Following the shooting, some called for the age of criminal responsibility, which is currently at 15 years of age, to be lowered.

The Viertola school reopened on 3 April on reduced hours, with crisis counselling sessions on offer. A national day of mourning was held on the 3rd of April, during which the flag of Finland was placed at half-mast. Flowers and candles were laid down at the site of the attack. Official discussions about the shooting were held in schools across Vantaa. Students who witnessed the shooting would be having their lessons in a different building at the school.
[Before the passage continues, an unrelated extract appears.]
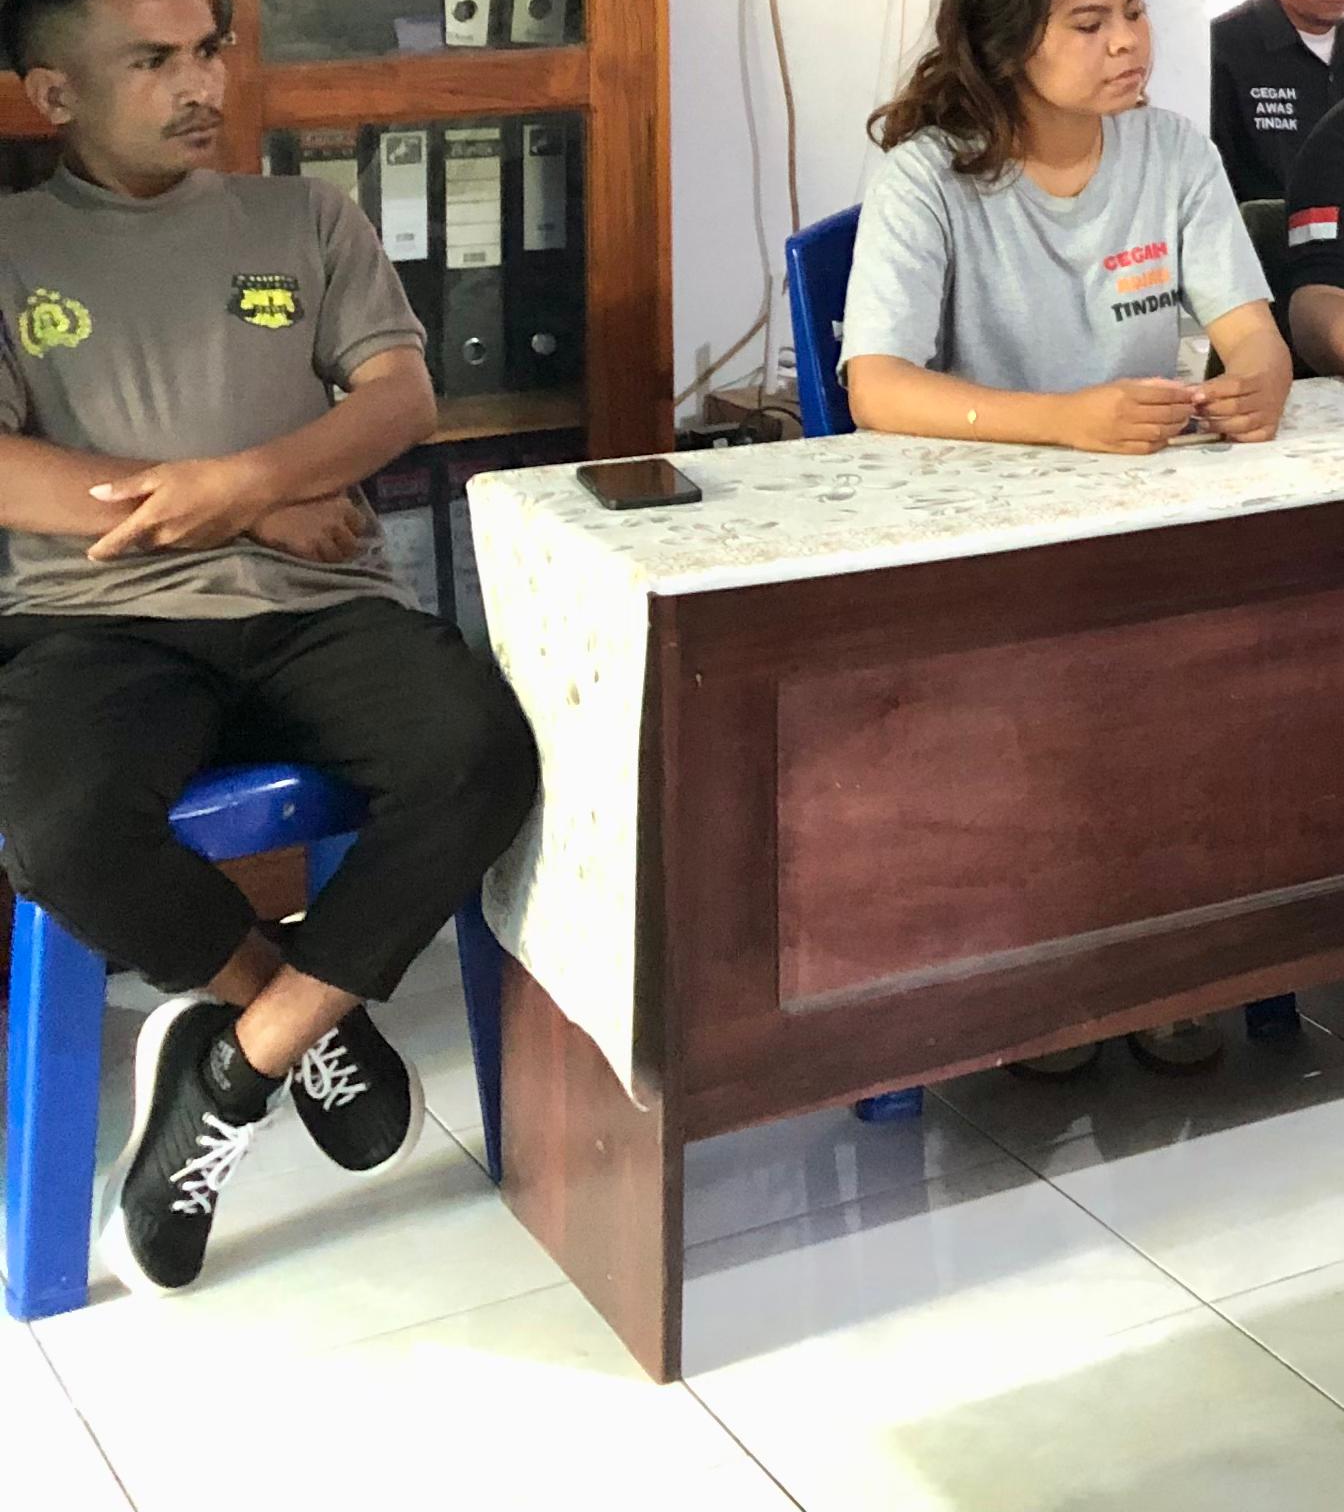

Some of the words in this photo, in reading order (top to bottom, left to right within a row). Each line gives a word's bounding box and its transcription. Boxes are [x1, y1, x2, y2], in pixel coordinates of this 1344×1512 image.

[1250, 87, 1297, 100] CEGAH
[1256, 102, 1294, 114] AWAS
[1254, 117, 1298, 130] TINDAK
[1103, 241, 1168, 271] CEGAH
Prime Minister Petteri Orpo described the shooting as "deeply upsetting". He stated, that mental health issues of the Finnish youth must be tackled. President Alexander Stubb also expressed shock at the shooting. He offered condolences to the families of the victims while wishing them a speedy recovery. Education Minister Anna-Maja Henriksson tearfully described the shooting as a "great tragedy". She stated, that her thoughts were with the "12-year-old who will never come home from school again". Interior Minister Mari Rantanen wrote on Twitter (X) that she "can only imagine the pain and worry that many families are experiencing at the moment." Deputy Prime Minister Riikka Purra, referring to the shooting stated, that "these kinds of incidents should never happen." Leader of the Left Alliance and former Education Minister Li Andersson also described the incident as a major shock. King Carl XVI Gustaf of Sweden and Swedish Prime Minister Ulf Kristersson sent messages of condolence to Finnish President Alexander Stubb and Prime Minister Petteri Orpo following the school attack in Vantaa. King Gustaf and Prime Minister Kristersson stated that Sweden stands with the Finnish people.

== Legal proceedings ==
The police treated the incident as one count of murder and two counts of attempted murder, as well as one count of an illegal threat. The legal owner of the handgun used in the shooting, the perpetrator's grandfather, was charged with a firearms offence.
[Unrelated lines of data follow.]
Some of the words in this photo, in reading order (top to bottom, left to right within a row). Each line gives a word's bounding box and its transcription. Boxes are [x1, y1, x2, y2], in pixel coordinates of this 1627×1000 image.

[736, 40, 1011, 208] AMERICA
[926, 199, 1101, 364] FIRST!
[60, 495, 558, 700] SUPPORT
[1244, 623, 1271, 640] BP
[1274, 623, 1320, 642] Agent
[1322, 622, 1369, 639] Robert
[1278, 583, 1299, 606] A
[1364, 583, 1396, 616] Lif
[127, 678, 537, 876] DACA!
January 2026 reports stated that the Eastern Uusimaa District Court had approved a settlement between the Viertola school shooter and two of his teachers regarding compensation for suffering. Under the agreement, the boy was ordered to pay €6,000 in compensation for pain and suffering to the art teacher, as well as €5,200 to the class teacher for mental anguish and just over €1,330 for loss of earnings. The teachers had originally sought more than €34,000 in compensation. During the incident, the boy had pointed his firearm at both teachers. The court held that the teachers were entitled to compensation because they had feared for their lives while inside the classroom.

At the end of February 2026, Iltalehti reported that the girl who had been more seriously injured in the school shooting was seeking €40,000 in compensation for pain and suffering from the shooter. According to the newspaper, she argued that the amount was justified by the exceptional brutality and cruelty of the act. The claim also noted that the shooting had taken place at a school, which should be a safe place for a child, and emphasized that the girl had done nothing to provoke the attack.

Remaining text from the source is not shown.